Knowledge is not experience

Knowledge, like reading this page, is intellectual.

To totally understand, one has to personally experience a concept emotionally and/or physically as well as intellectually.

One cannot learn to swim by reading a book, though it might help.

One cannot learn to swim by watching others swim, though it might help.

One cannot learn to swim by listening to a swimming instructor, though it might help.

One cannot even learn to swim by standing in the water with or without holding onto the ropes.

My father did that for almost 80 of his 87 years. We lived near the ocean on the New Jersey shore. He loved the water, but he never did learn to swim.

There’s only one way to learn to swim: knowledge with experience by practice in a sequence of sessions.

Changing your mind is like learning to swim. It takes knowledge and experiential practice. By the way, changing your mind is what psychiatrists call psychotherapy.

Psychotherapy.

I too use the word, but I don’t like it because it infers a treatment (therapy) of “sick” intellect (psychic). Actually, people are not sick, they have been malprogrammed.

When I was a student at The Psychoanalytic Clinic for Training and Research of Columbia University, they use the word maladaptation. It is true that neurosis is a maladaptation to current reality. But that still tends to put down or blame the person who is unhappy.

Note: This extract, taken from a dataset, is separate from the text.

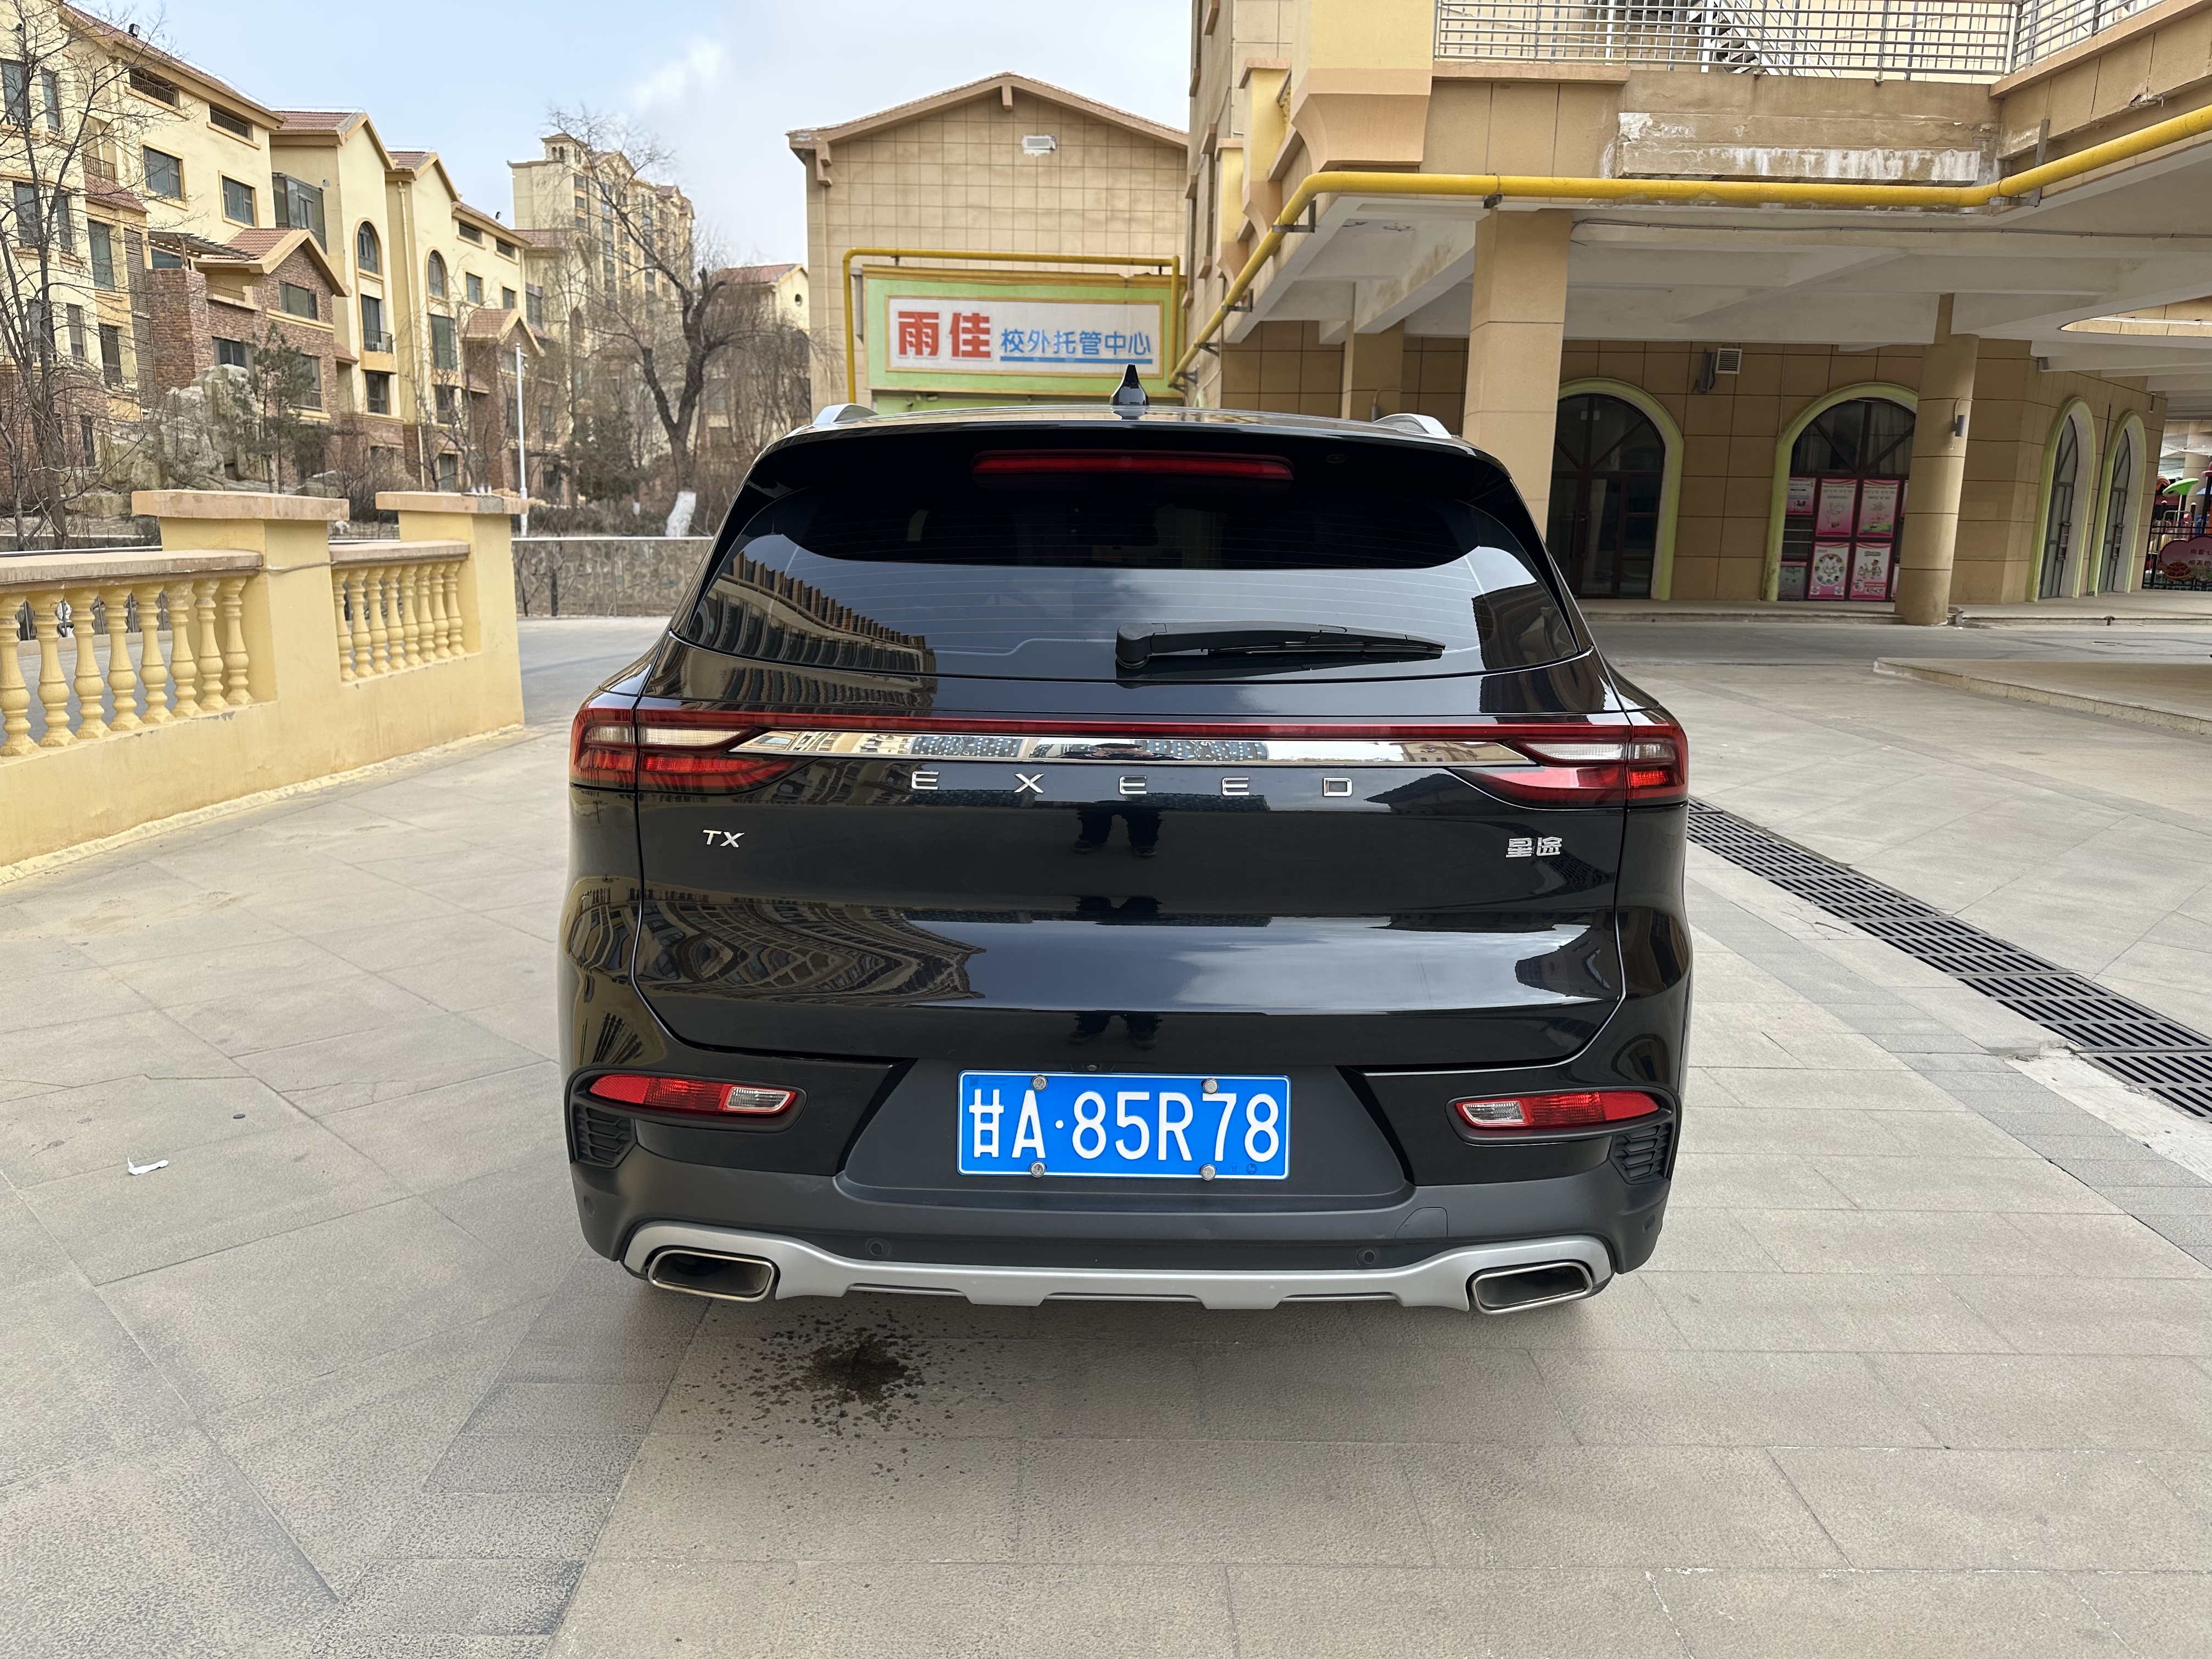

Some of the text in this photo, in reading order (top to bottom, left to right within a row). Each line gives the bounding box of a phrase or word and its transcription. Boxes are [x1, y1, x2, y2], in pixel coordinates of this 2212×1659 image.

For many people, maladaptation may be their problem but not their fault nor does it mean that they have brain damage or in adequacy. The maladaptation of the adult was probably the best adaptation the child or infant could make under the circumstances during the time they made it. They adapted themselves to pathological conditions for survival, the best they could.

For many reasons beyond their control they could not change.

One of the reasons that they could not readily change was because they were human.